El sonido del agua escurriendo entre las piedras y las copas de los árboles moviéndose gracias al viento de ese día llenaban el lugar con melodiosos y naturales sonidos. Aunque no por eso lograban opacar sus lamentables pensamientos. Kagome desanudó su hakama y dejó su bajo vientre al descubierto una vez que comprobó que se encontraba sola en la orilla de ese caudaloso río. Acarició su pelvis con tristeza y suavidad, incluso con algo de repulsión. Se sentía tan fea.

Hace casi cinco meses había nacido su primogénito, su pequeño Keita. Sabía que debería de sentirse feliz, debería de estar saltando en un pie por al fin ser madre, pero no podía permitírselo. Sí, lo amaba, adoraba a su hijo y todo lo que la maternidad conllevaba. Solo que desde hace un tiempo había dejado de amarse a sí misma. Sentía que cargaba un enorme espejo adonde quiera que fuese, un espejo que solo le mostraba lo fea que se había vuelto. Se sentía culpable por no poder disfrutar al cien por ciento esta nueva etapa, se sentía culpable por no poder mostrarse tan dichosa y despreocupada como lo hacía Sango.

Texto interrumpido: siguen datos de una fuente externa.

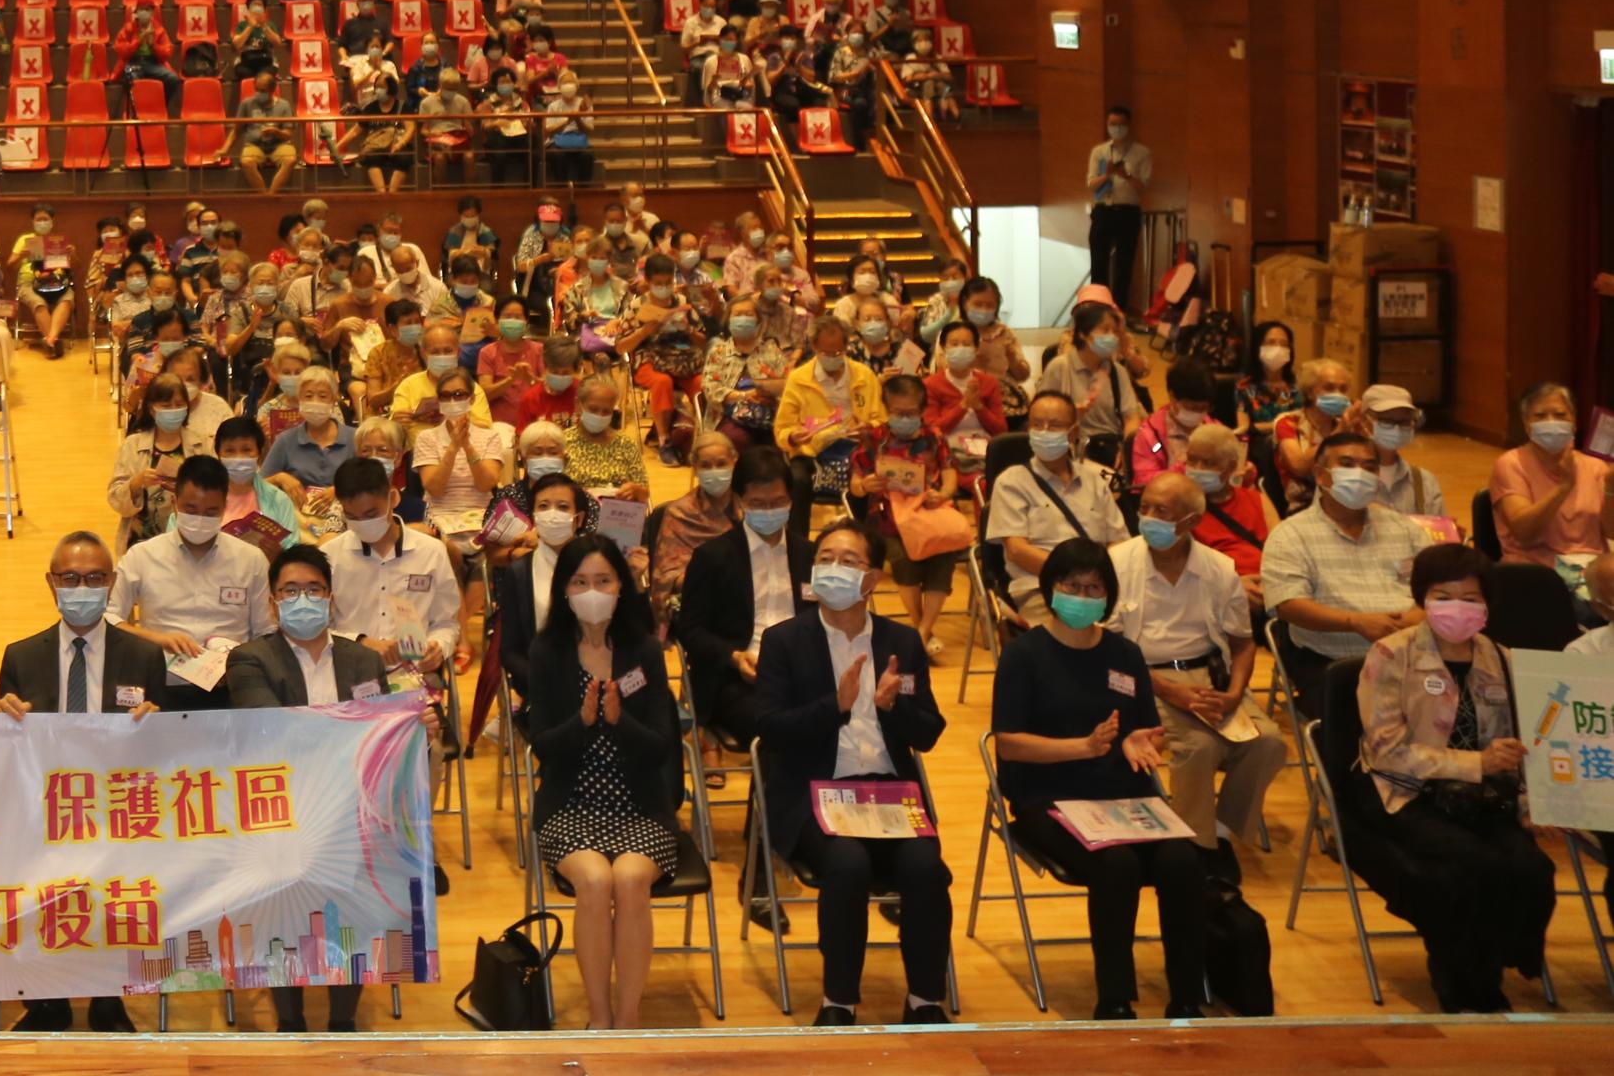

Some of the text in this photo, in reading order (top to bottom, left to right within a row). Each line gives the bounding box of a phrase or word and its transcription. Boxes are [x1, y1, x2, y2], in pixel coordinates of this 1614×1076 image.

Acarició lentamente y con dolor aquellas marcas oscuras que parecían rasgar su piel. Algunas eran profundas, otras solo se notaban con mucho esfuerzo. Dejó su mano posada en ese lugar sin tener intenciones de quitarla. Hasta hace poco ese lugar albergaba una nueva vida y no le había importado tener esas horribles cicatrices, pero ahora… Ahora solo le quedaban las estrías propias de su embarazo. Creía padecer eso que llamaban "depresión post-parto".

Al principio había intentado frenarlas frotándose ungüentos, pero poco o nada de efecto tuvieron sobre su delicada piel. Jamás se había detenido a pensar en las secuelas que tendría luego de dar a luz. Tal vez porque su mente aún no procesaba que ya no tenía las maravillosas cremas con células madre anti-estrías propias de su época. Solo tenía lodo y algunas plantas con las cuales hacía un empaste casi todos los días. Inuyasha solía quejarse del fuerte hedor porque pensaba que eran para crear alguna medicina. En efecto así era, pero esas plantas no sanarían a un enfermo sino a su pobre autoestima.

—¿Qué es esa mierda? Apesta.

Sí, Inuyasha siempre se quejaba de sus medicinas. Pero el día que dijo eso se sintió aún más horripilante. Si ella no tuviera estrías no tendría que preparar esa mezcla pastosa ni ponerla sobre su piel. Por eso siempre procuraba usarla únicamente cuando su esposo no estaba en casa o se había ido por días a trabajar, de esa forma garantizaba no tener que escuchar más comentarios hirientes.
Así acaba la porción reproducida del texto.